**INSTRUCTIONS FOR THE TASK**
Reproduce the listing in full, exactly as written, but without images.

**RECORDS PROVIDED**
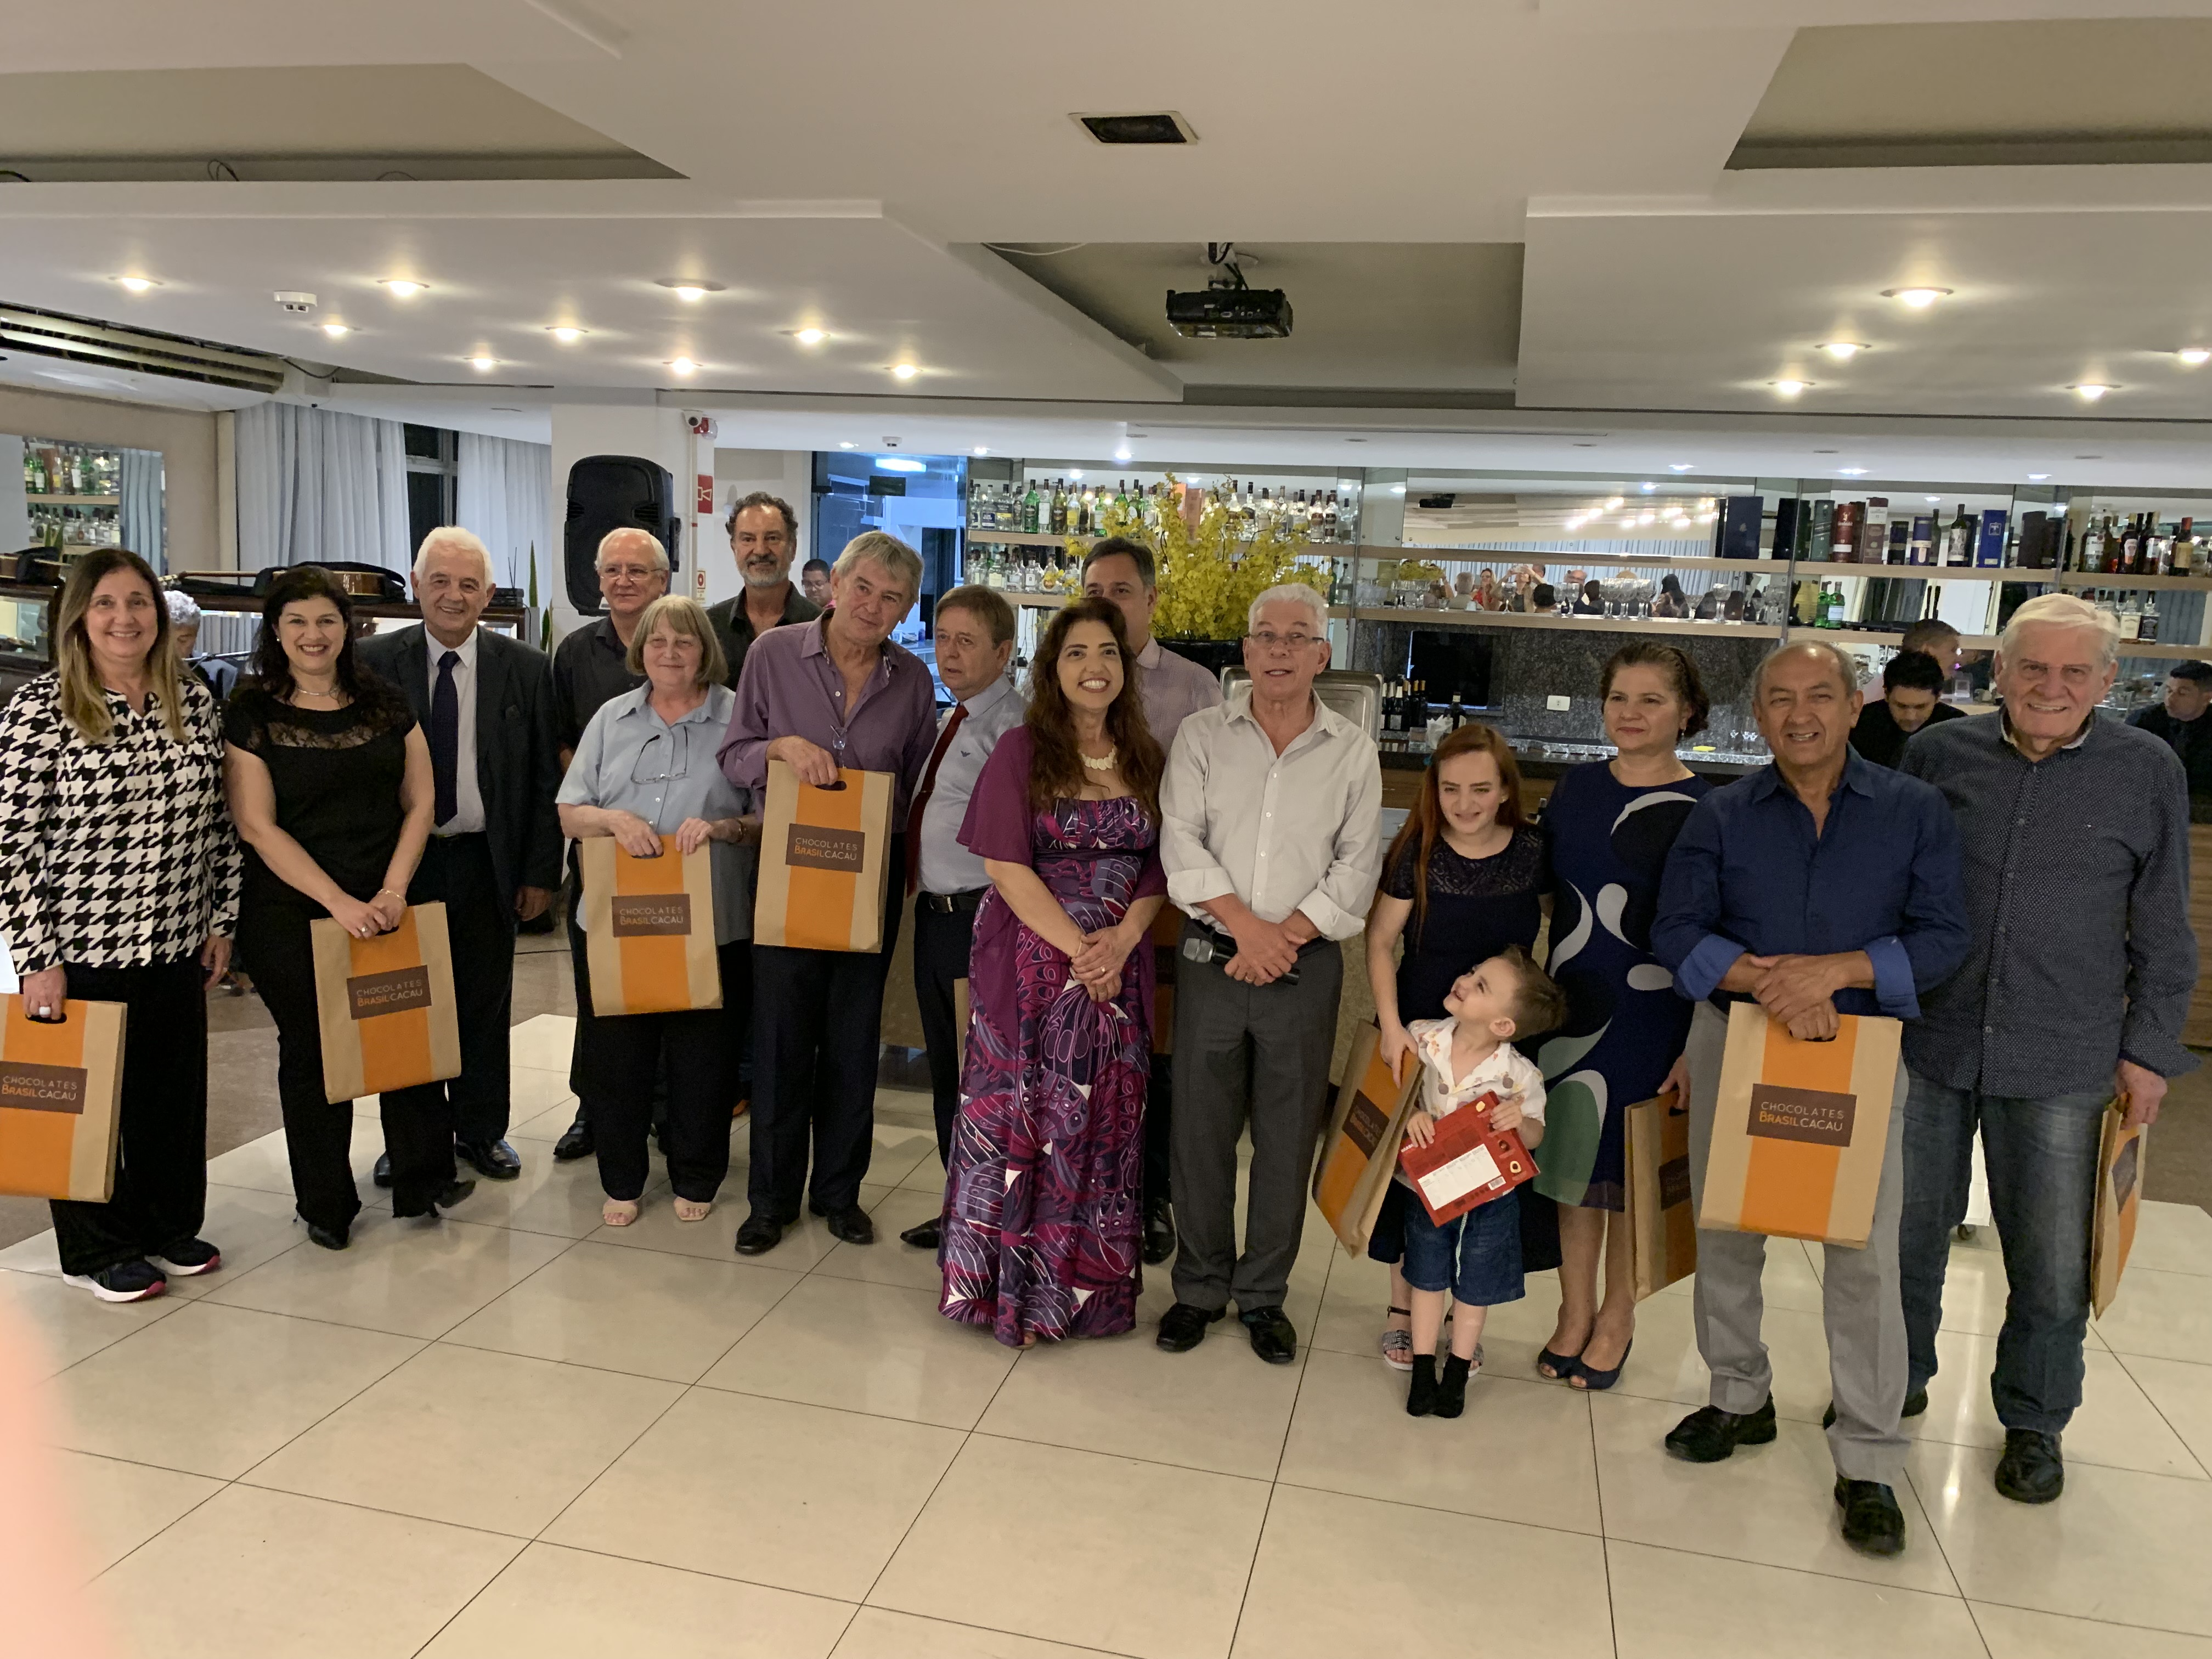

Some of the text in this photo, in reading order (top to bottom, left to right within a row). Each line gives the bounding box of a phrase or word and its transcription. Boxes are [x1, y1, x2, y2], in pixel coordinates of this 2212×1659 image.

[795, 837, 857, 851] CHOCOLATES
[619, 906, 683, 916] CHOCOLATES
[357, 979, 422, 997] CHOCOLATES
[3, 1076, 77, 1090] CHOCOLATES
[1761, 1102, 1844, 1119] CHOCOLATES

**OUTPUT BELOW**
Some of the text in this photo, in reading order (top to bottom, left to right within a row). Each line gives the bounding box of a phrase or word and its transcription. Boxes are [x1, y1, x2, y2], in pixel coordinates of this 2212×1659 image.

[795, 837, 857, 851] CHOCOLATES
[619, 906, 683, 916] CHOCOLATES
[357, 979, 422, 997] CHOCOLATES
[3, 1076, 77, 1090] CHOCOLATES
[1761, 1102, 1844, 1119] CHOCOLATES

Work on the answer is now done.